Lincoln found himself in the role of King George III, which was a point that Jefferson Davis and company took great delight in pointing out. It’s one of the reasons why the Confederacy was quite conservative in its law of war project, by which I mean that its approach to the law of war is consistent with American tradition going back to the Revolution. It doesn’t have a need to innovate. It just wants to defend the existing laws of war, to invoke them on behalf of the Confederacy, and to establish that the Confederacy is entitled to their protections and obligations.

 

The Union, on the other hand, has an excruciatingly more difficult choice: to decide whether the law of war is relevant at all. Then, as the second year of the war gets under way, and the failures of the first year become clear and that excruciating choice becomes even more difficult because the Union has decided two things: to step up the aggressiveness of the war effort, which raised real questions about humanitarian obligations in wartime, and second it raised the question of emancipation. Since 1775, American soldiers and statesmen announced again and again that emancipating any slaves was an uncivilized act of warfare that no civilized army could lawfully engage in.

The real challenge in late 1862 as emancipation is pending is to figure out how to make the law of war tradition in the United States consistent with the Union’s posture on emancipation and the war strategy.

You outline how slavery and emancipation shaped the American law of war.

The modern laws of war we have today are really a legacy of the American emancipation experience. That’s not a story I planned to tell, and not one I guessed I would be telling when I thought of this book.

Lincoln is a brilliant just war theorist. In August and September 1862, before he makes emancipation public, he had long deliberations where he reflected on the fact that he and hundreds of thousands of Union soldiers were convinced of the righteousness of their cause. On the other hand, there are hundreds of thousands of Confederate soldiers who are just as convinced of the righteousness of their cause.

That’s the fundamental tenet of the laws of war: that both sides are convinced that they’re right, and in those cases some kind of moral modesty is required. If we can get each side to suspend its conviction of self-righteousness for just the purpose of regulating war, we might be able to get a more humane conflict. You don’t execute the prisoner because you think he’s a criminal. Be modest about the righteousness of your side. That’s the fundamental premise of the laws of war.

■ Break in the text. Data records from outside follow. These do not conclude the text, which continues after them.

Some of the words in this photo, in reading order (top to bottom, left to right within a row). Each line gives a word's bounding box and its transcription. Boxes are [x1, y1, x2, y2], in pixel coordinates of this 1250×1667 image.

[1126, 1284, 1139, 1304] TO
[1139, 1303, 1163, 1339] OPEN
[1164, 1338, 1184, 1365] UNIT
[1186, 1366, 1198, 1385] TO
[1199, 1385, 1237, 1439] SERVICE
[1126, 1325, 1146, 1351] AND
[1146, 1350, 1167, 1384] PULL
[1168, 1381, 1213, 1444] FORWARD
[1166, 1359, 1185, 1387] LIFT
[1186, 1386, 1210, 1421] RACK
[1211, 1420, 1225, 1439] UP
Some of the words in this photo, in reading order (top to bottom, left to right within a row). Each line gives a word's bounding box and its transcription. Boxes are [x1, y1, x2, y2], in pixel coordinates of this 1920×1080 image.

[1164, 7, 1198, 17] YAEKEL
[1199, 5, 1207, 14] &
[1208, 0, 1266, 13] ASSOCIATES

But Lincoln makes a further observation, and this is where he’s pioneering. There’s a flaw here. Lincoln says to himself, I’ve already committed these men to battle. Tens of thousands of these men have already died by August of 1862. I have to be committed to the righteousness of my side. Otherwise I have no account of why I’m here in the first place. And so that led him a view that there were two imperatives. One was to act forcefully when more forceful action was morally required but, two, to act with modesty because one could never be sure that one was fighting on the side of righteousness. So he said we no longer live in the age of miracles. I can’t be sure that there will be a divine revelation that will reveal which of these two sides is right.

Then, after [the Union victory at] Antietam, he decided that Antietam was the miracle or revelation -- the only kind of grim miracle the modern world recognized that allows Lincoln to go forward publically with the emancipation policy.

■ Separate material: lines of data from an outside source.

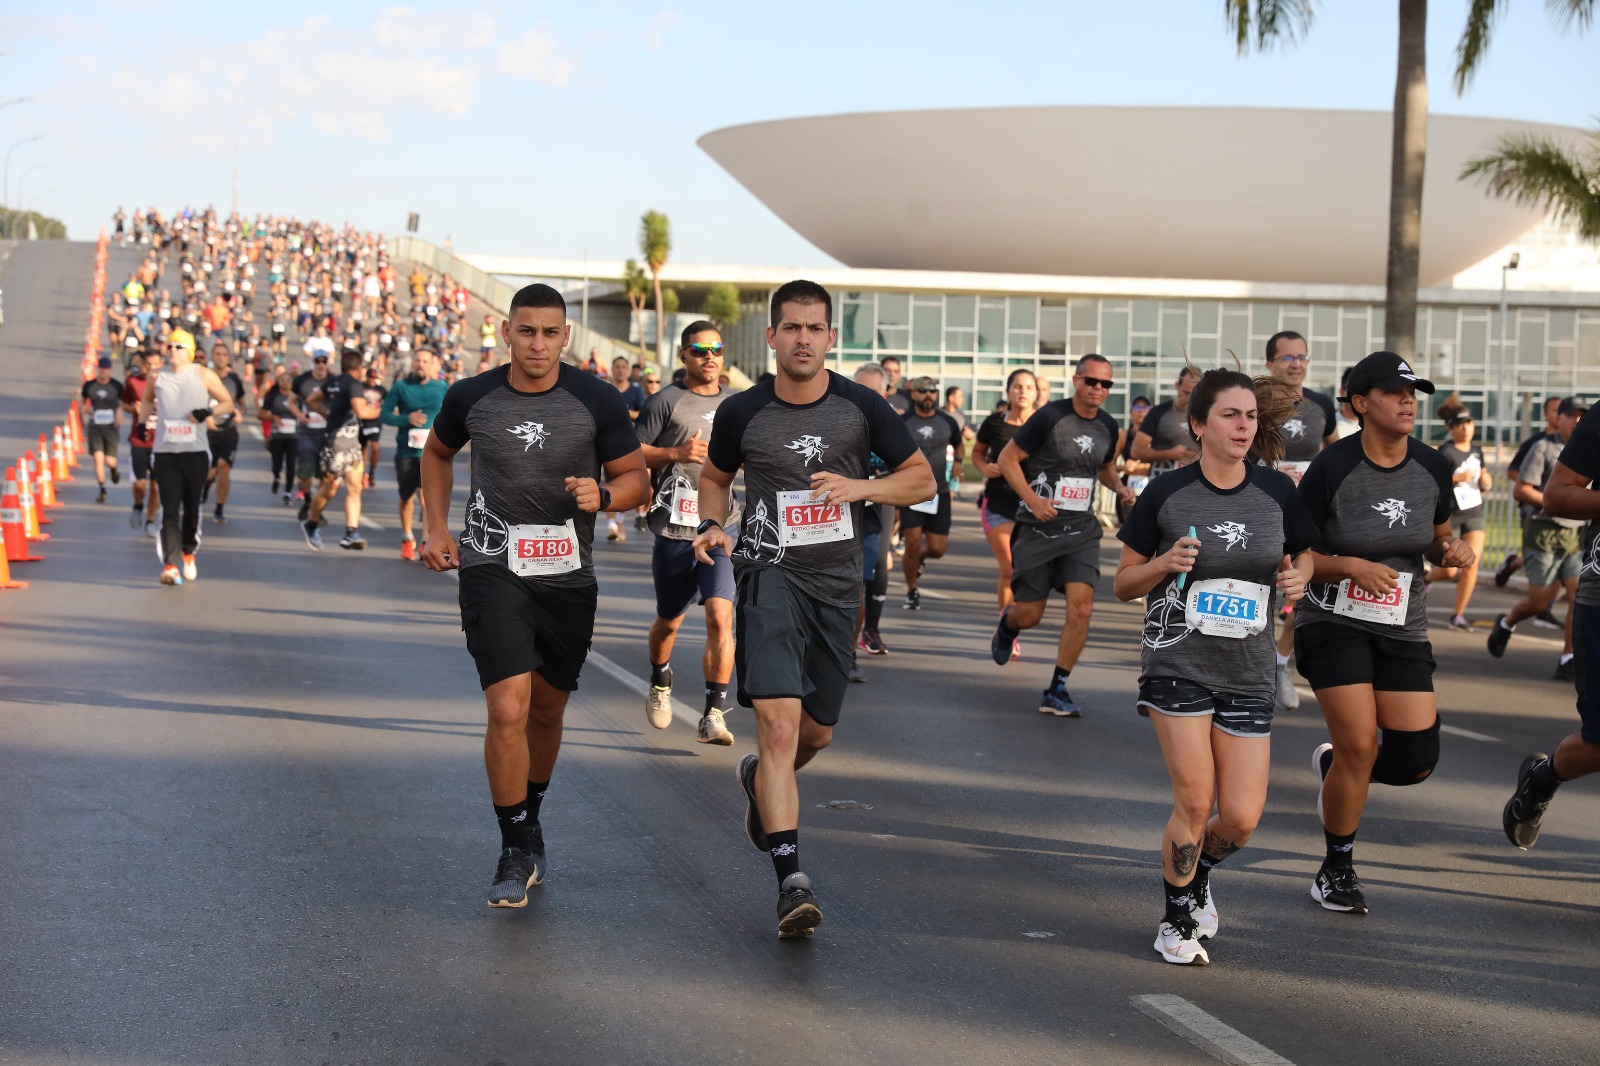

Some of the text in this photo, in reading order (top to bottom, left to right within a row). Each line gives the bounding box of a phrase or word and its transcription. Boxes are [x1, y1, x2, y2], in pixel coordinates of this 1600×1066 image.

[1064, 487, 1087, 498] 5785
[682, 500, 698, 512] 68
[791, 505, 837, 524] 6172
[523, 541, 569, 556] 5180
[1353, 585, 1397, 604] 65
[1204, 594, 1249, 617] 1751
[1201, 614, 1227, 623] DANIELA
[1226, 617, 1250, 626] ARAUJO

And Frances Lieber comes into the story after Antietam when he’s called on by the Lincoln Administration to draft rules of war.

Dr. John Fabian Witt: Yes. This is one of the great forgotten characters of American history. He’s an enthusiastic, sometimes garrulous participant in the public intellectual culture of antebellum America.

He was a Prussian immigrant who left reactionary, post-Napoleonic Europe because he was too liberal for the conservative political climate of the times and got in trouble with the Prussian authorities. He travelled first to Greece and fought for Greek independence against the Turks with Lord Byron and the Romantic enthusiasts for Greek independence. Then he spent time in England and eventually came to the United States.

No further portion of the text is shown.